[[ Data provided, beginning ]]

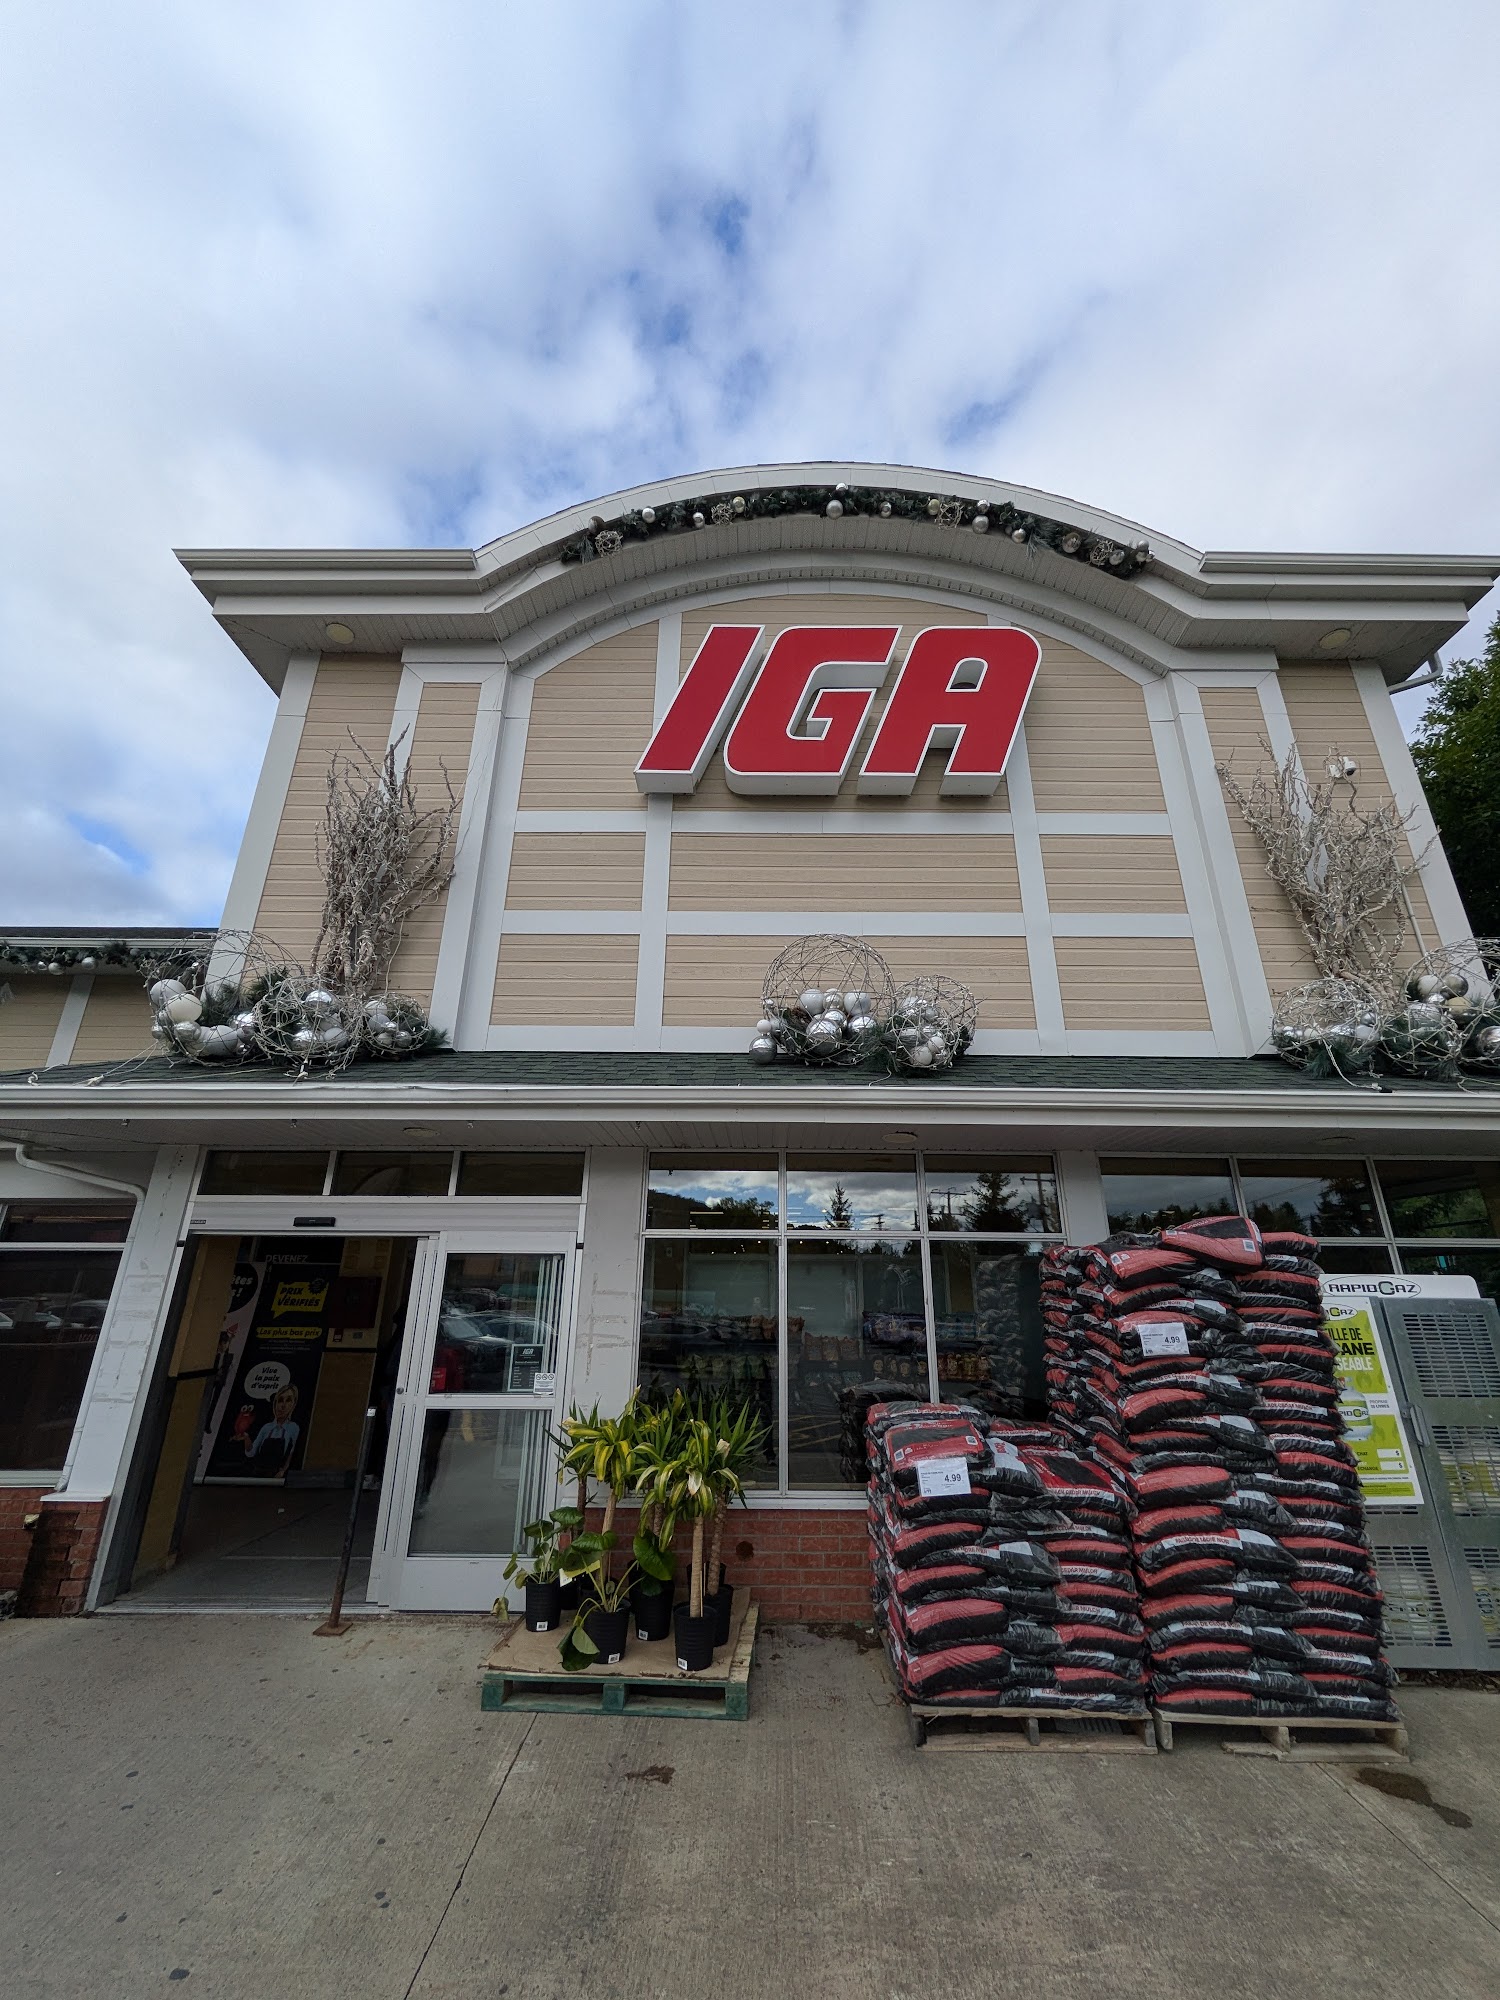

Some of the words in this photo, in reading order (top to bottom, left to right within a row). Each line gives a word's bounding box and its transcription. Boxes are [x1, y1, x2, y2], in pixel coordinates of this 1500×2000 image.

[634, 624, 1044, 784] IGA
[265, 1254, 309, 1263] DEVENEZ
[280, 1287, 305, 1296] PRIX
[1328, 1281, 1418, 1295] RAPIDGAZ
[277, 1295, 321, 1307] VÉRIFIÉS
[259, 1328, 271, 1336] Les
[272, 1328, 288, 1338] plus
[290, 1328, 303, 1336] bas
[304, 1329, 321, 1339] prix
[1350, 1327, 1364, 1341] DE
[1163, 1335, 1182, 1344] 4.99
[1339, 1342, 1376, 1356] ANE
[254, 1374, 263, 1382] la
[264, 1374, 280, 1382] paix
[252, 1382, 279, 1390] d'esprit
[944, 1473, 962, 1483] 4.99
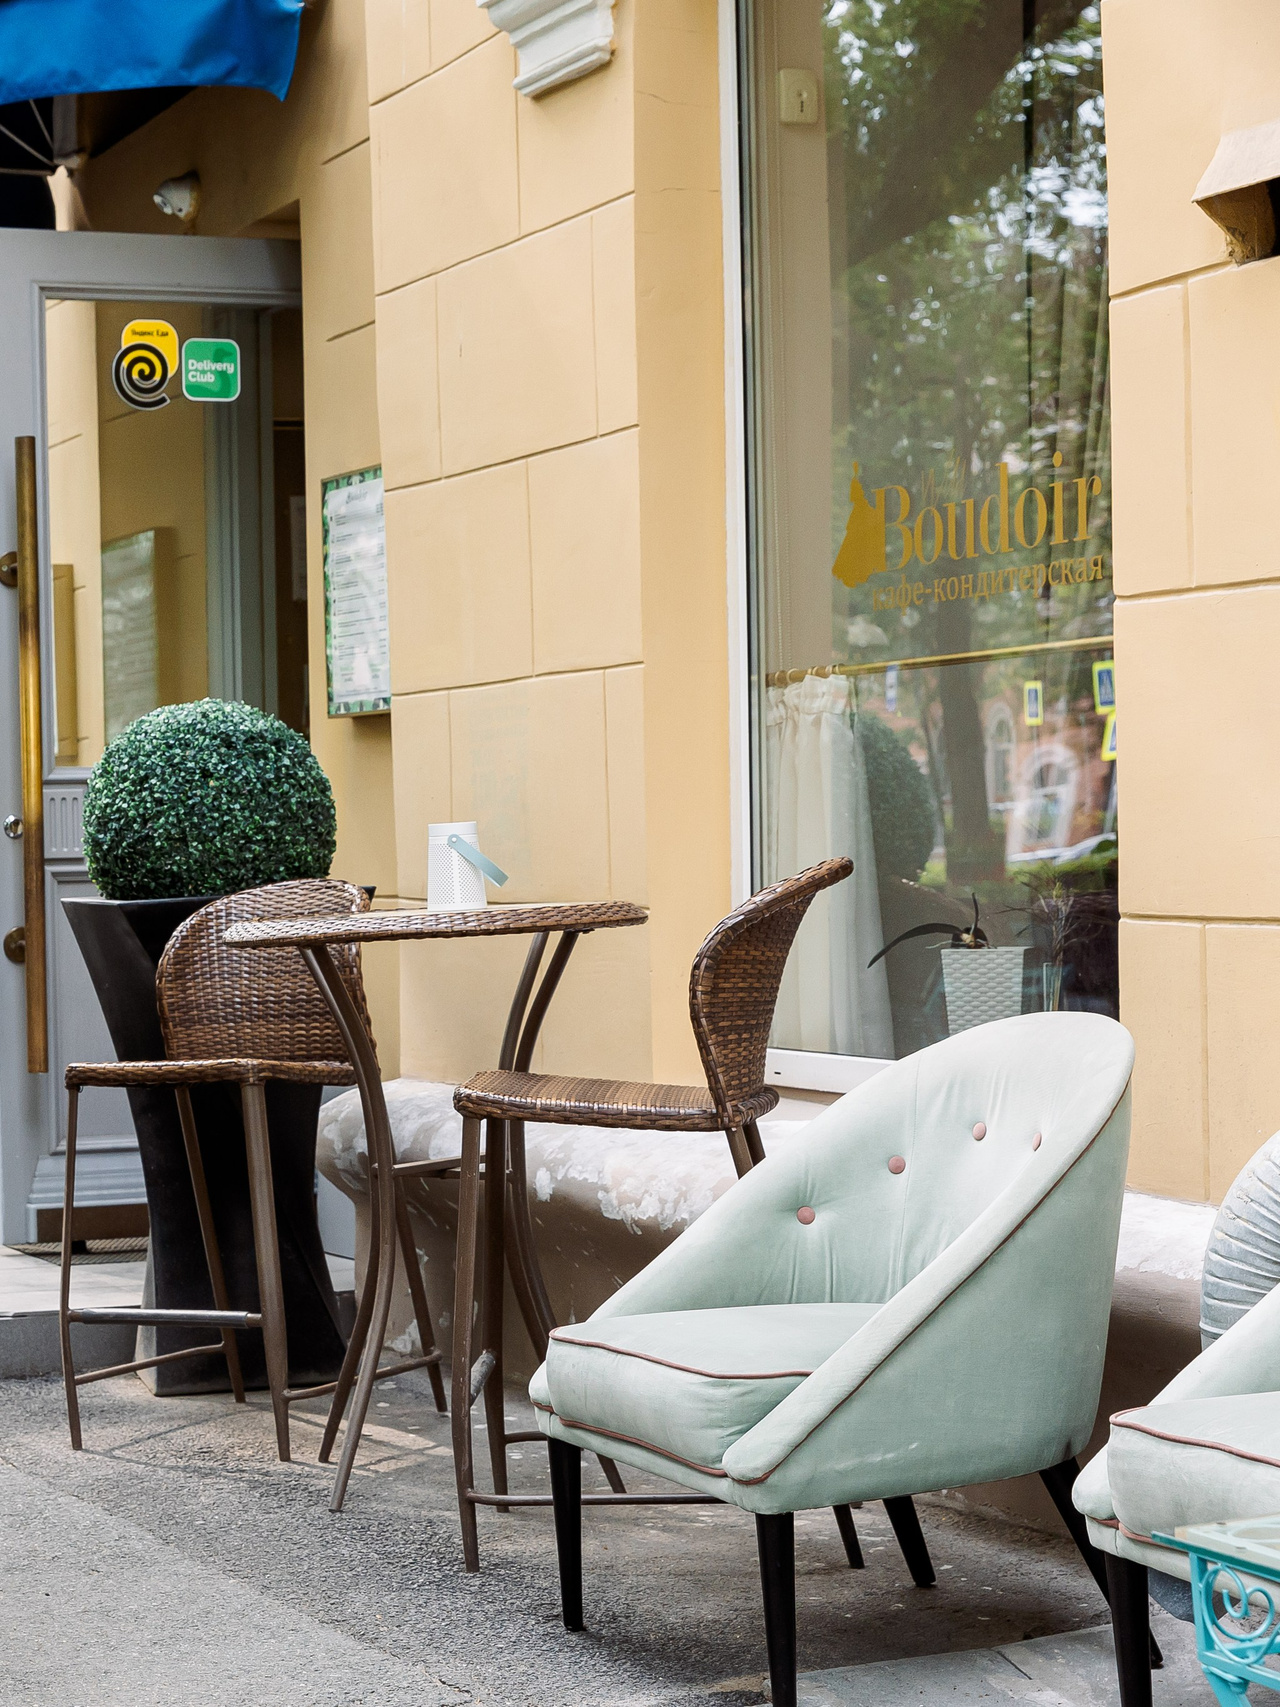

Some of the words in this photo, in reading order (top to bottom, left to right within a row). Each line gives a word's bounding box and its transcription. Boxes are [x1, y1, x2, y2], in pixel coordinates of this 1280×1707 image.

[188, 359, 235, 373] Delivery
[188, 372, 215, 383] Club
[871, 450, 1103, 573] Boudoir
[872, 553, 1104, 616] кафе-кондитерская

[[ Data provided, end ]]

Instructions to follow: From the first line to the last, return the material above exactly, apart from the pictures.

Solved problem:
Some of the words in this photo, in reading order (top to bottom, left to right within a row). Each line gives a word's bounding box and its transcription. Boxes are [x1, y1, x2, y2], in pixel coordinates of this 1500×2000 image.

[634, 624, 1044, 784] IGA
[265, 1254, 309, 1263] DEVENEZ
[280, 1287, 305, 1296] PRIX
[1328, 1281, 1418, 1295] RAPIDGAZ
[277, 1295, 321, 1307] VÉRIFIÉS
[259, 1328, 271, 1336] Les
[272, 1328, 288, 1338] plus
[290, 1328, 303, 1336] bas
[304, 1329, 321, 1339] prix
[1350, 1327, 1364, 1341] DE
[1163, 1335, 1182, 1344] 4.99
[1339, 1342, 1376, 1356] ANE
[254, 1374, 263, 1382] la
[264, 1374, 280, 1382] paix
[252, 1382, 279, 1390] d'esprit
[944, 1473, 962, 1483] 4.99

Some of the words in this photo, in reading order (top to bottom, left to right within a row). Each line gives a word's bounding box and its transcription. Boxes are [x1, y1, x2, y2], in pixel coordinates of this 1280×1707 image.

[188, 359, 235, 373] Delivery
[188, 372, 215, 383] Club
[871, 450, 1103, 573] Boudoir
[872, 553, 1104, 616] кафе-кондитерская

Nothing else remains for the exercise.